Determine the count of lines in the following entries that contain the string "Urtarrilak". Write only the number.

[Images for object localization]

────────

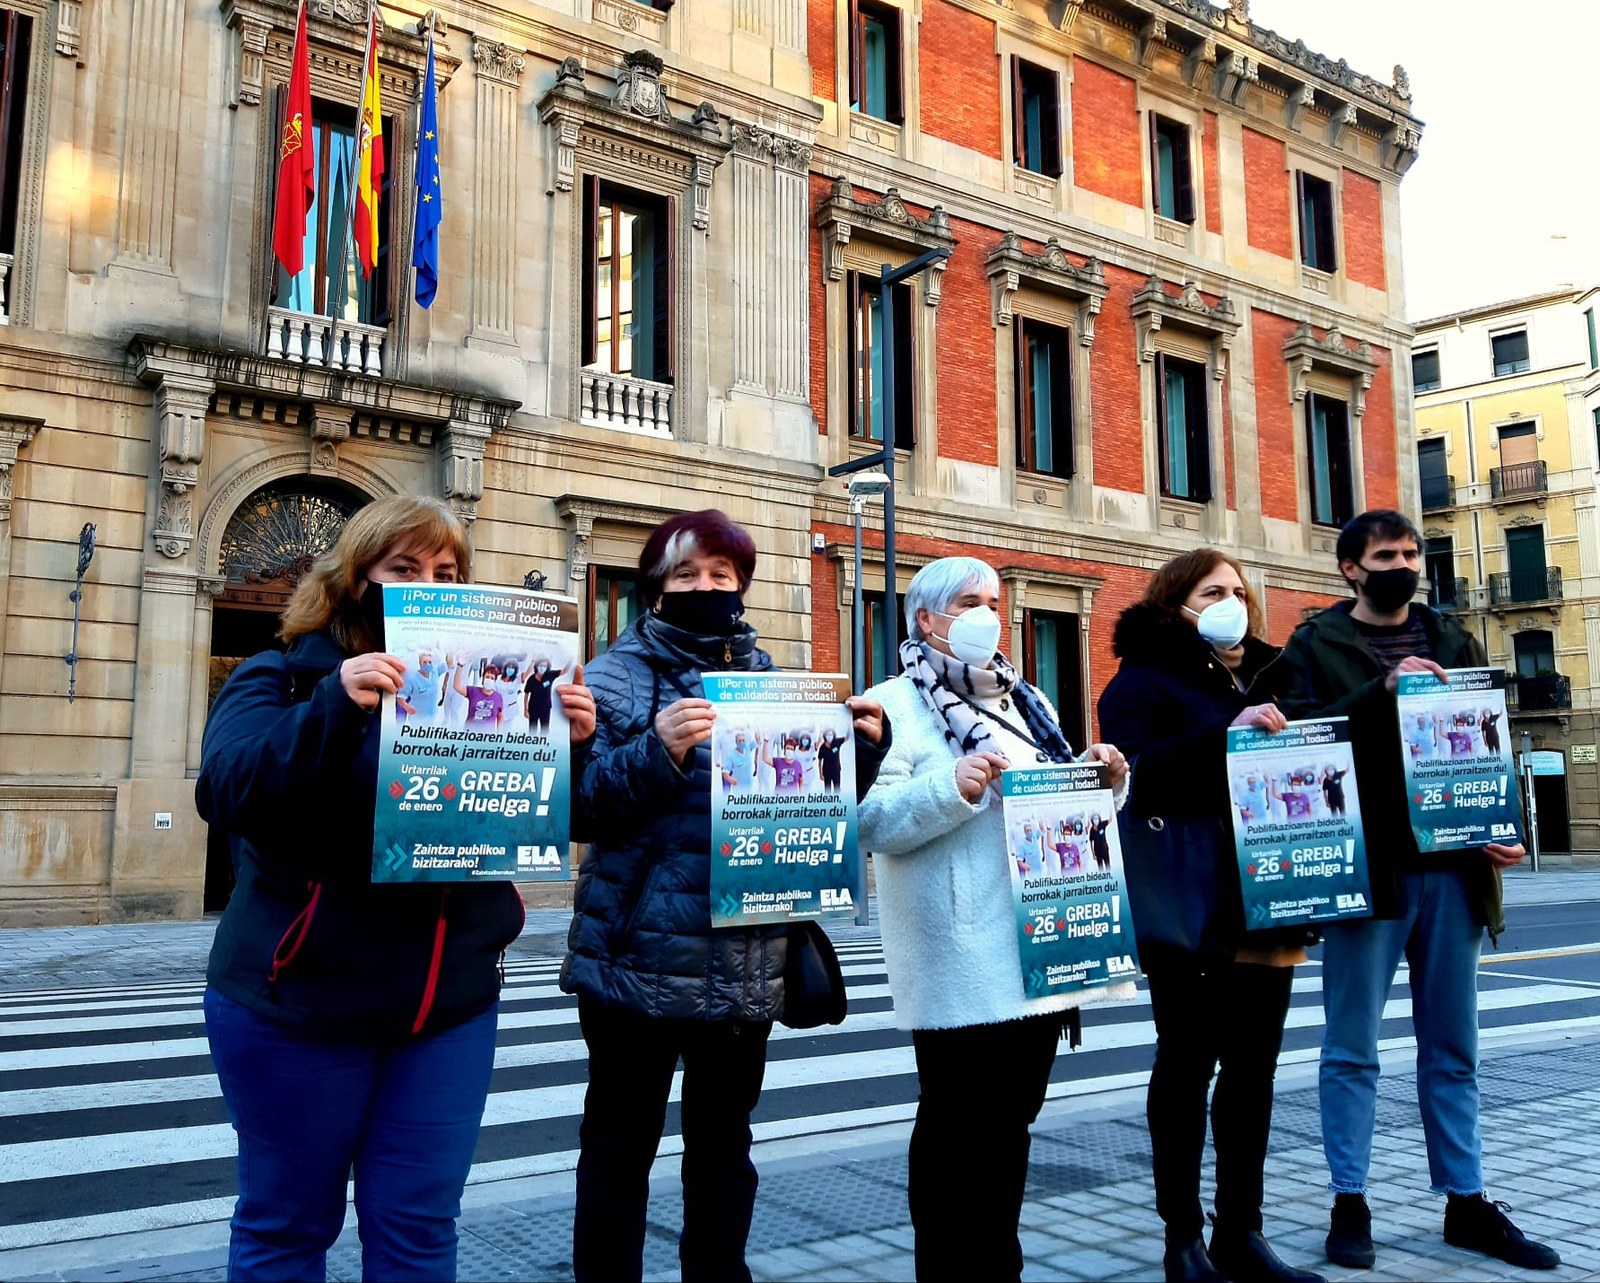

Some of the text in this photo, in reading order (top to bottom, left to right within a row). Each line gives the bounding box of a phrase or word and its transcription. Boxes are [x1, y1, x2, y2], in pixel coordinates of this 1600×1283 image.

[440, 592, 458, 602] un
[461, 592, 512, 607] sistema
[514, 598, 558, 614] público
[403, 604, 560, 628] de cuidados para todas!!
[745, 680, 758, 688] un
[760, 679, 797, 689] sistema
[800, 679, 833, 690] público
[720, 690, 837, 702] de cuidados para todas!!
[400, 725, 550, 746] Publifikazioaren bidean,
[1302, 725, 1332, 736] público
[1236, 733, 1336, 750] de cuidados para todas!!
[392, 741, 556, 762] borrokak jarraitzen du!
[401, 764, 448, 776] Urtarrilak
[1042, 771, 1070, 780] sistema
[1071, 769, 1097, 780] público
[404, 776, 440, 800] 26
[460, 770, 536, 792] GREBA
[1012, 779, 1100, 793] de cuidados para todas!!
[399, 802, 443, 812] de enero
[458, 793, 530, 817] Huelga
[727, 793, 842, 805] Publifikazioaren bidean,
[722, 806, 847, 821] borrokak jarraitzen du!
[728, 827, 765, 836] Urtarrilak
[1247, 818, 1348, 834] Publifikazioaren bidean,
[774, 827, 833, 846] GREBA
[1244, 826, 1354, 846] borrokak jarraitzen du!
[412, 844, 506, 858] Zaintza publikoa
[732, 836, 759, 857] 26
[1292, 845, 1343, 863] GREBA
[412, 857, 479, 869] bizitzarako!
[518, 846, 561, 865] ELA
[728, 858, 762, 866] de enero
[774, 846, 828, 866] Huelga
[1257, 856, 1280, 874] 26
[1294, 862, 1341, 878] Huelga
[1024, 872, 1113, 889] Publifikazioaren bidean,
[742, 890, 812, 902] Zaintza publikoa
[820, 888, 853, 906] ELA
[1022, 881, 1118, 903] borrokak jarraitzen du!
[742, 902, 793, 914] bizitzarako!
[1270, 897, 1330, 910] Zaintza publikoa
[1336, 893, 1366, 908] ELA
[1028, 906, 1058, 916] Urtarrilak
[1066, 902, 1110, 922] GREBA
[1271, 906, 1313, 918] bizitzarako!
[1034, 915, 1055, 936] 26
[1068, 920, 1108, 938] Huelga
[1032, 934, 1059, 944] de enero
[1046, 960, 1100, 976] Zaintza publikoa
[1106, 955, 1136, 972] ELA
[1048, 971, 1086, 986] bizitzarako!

────────

# Solution to this task
3